Hello everyone and welcome back to my BCM blog after the recess week we all needed and deserved. This weeks topic is part two of trajectories and convergence topic that we spoke about in week 5 but we are focusing on the intellectual property paradigm and the content control industry.
Obviously if I had created something that was so incredible and an audience loved it and I was making money from it, then I would want to own it and not have anyone else with my creation and making money off it either. If you have an idea and you’ve worked hard on it, for someone to take it and use it then that’s not satisfying for any creative person which is why it’s good that copyright laws have come through.
Land Down Under is an iconic Australian song yet so is Kookaburra Sits In The Old Gum Tree. Copyright laws are made to protect anything created by someone so that it remains yours. Something so iconic like these songs and to have such a large audience to then years later have a dispute about a ‘flute riff’ used in Land Down Under that is originally used in Kookaburra Sits In The Old Gum Tree, is a good example of stealing and using someones original creation.

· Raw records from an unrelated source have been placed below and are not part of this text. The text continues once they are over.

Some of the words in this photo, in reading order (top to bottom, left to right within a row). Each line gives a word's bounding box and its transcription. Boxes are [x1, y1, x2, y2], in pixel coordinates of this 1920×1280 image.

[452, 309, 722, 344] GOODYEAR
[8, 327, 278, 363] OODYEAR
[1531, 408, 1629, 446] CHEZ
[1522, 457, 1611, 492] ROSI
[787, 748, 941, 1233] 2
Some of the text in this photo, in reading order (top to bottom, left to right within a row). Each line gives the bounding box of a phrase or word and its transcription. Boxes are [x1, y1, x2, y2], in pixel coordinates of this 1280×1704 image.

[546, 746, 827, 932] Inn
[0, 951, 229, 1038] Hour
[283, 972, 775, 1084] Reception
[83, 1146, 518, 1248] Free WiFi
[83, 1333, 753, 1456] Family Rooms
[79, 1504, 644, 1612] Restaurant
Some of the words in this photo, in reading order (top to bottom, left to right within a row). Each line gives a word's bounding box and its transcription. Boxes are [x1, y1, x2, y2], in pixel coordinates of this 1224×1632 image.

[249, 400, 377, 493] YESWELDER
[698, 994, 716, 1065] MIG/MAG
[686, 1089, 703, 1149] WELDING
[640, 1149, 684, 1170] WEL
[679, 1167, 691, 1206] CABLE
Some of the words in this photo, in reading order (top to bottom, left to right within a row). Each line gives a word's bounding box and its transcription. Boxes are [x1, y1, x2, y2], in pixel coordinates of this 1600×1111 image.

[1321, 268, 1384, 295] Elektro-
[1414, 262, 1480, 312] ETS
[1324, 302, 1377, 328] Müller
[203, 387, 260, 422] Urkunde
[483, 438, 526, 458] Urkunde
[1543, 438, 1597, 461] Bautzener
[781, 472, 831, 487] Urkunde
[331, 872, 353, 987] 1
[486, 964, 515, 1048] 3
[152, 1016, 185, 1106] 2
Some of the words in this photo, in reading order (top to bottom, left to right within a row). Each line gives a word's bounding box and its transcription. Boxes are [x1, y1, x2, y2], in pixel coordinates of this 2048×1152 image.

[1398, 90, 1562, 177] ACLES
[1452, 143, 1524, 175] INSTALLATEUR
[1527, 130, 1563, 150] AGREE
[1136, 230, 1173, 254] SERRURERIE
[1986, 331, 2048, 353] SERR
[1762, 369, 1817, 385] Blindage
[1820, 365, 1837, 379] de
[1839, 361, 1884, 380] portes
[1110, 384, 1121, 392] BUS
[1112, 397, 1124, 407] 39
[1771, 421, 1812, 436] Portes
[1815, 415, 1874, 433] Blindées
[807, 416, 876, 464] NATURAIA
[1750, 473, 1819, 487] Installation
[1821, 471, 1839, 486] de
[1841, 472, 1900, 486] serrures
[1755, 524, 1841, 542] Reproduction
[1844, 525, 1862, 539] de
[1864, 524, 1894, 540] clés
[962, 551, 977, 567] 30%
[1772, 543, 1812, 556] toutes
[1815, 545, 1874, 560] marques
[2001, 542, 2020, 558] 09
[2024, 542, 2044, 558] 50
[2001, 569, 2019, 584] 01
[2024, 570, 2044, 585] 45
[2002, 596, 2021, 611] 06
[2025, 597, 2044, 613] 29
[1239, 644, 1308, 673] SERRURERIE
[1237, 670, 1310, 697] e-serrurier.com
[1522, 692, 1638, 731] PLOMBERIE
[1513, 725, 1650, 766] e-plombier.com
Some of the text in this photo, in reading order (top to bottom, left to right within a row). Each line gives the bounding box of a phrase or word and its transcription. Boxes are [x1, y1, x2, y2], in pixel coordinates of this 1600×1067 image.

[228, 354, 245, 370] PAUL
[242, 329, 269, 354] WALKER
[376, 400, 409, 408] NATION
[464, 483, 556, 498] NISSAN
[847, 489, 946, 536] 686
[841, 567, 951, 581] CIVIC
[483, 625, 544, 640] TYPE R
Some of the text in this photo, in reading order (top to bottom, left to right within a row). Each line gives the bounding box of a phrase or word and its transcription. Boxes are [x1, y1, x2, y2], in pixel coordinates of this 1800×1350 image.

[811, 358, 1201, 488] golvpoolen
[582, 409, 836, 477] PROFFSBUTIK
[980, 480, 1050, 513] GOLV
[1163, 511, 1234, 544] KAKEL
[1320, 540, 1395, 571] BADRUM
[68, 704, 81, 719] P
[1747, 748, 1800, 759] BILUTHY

Is it too far to sue a band for a flute riff? Not at all – Land Down Under topped charts world wide and really it was getting all this fandom when it contains parts of another popular song, it was not 100% original.
How far should copyrighting go though? As Ted mentioned in the lecture, a man got sued for the bird noise in the background of a video that he has no control over.
Be careful kids, is anything out there really yours?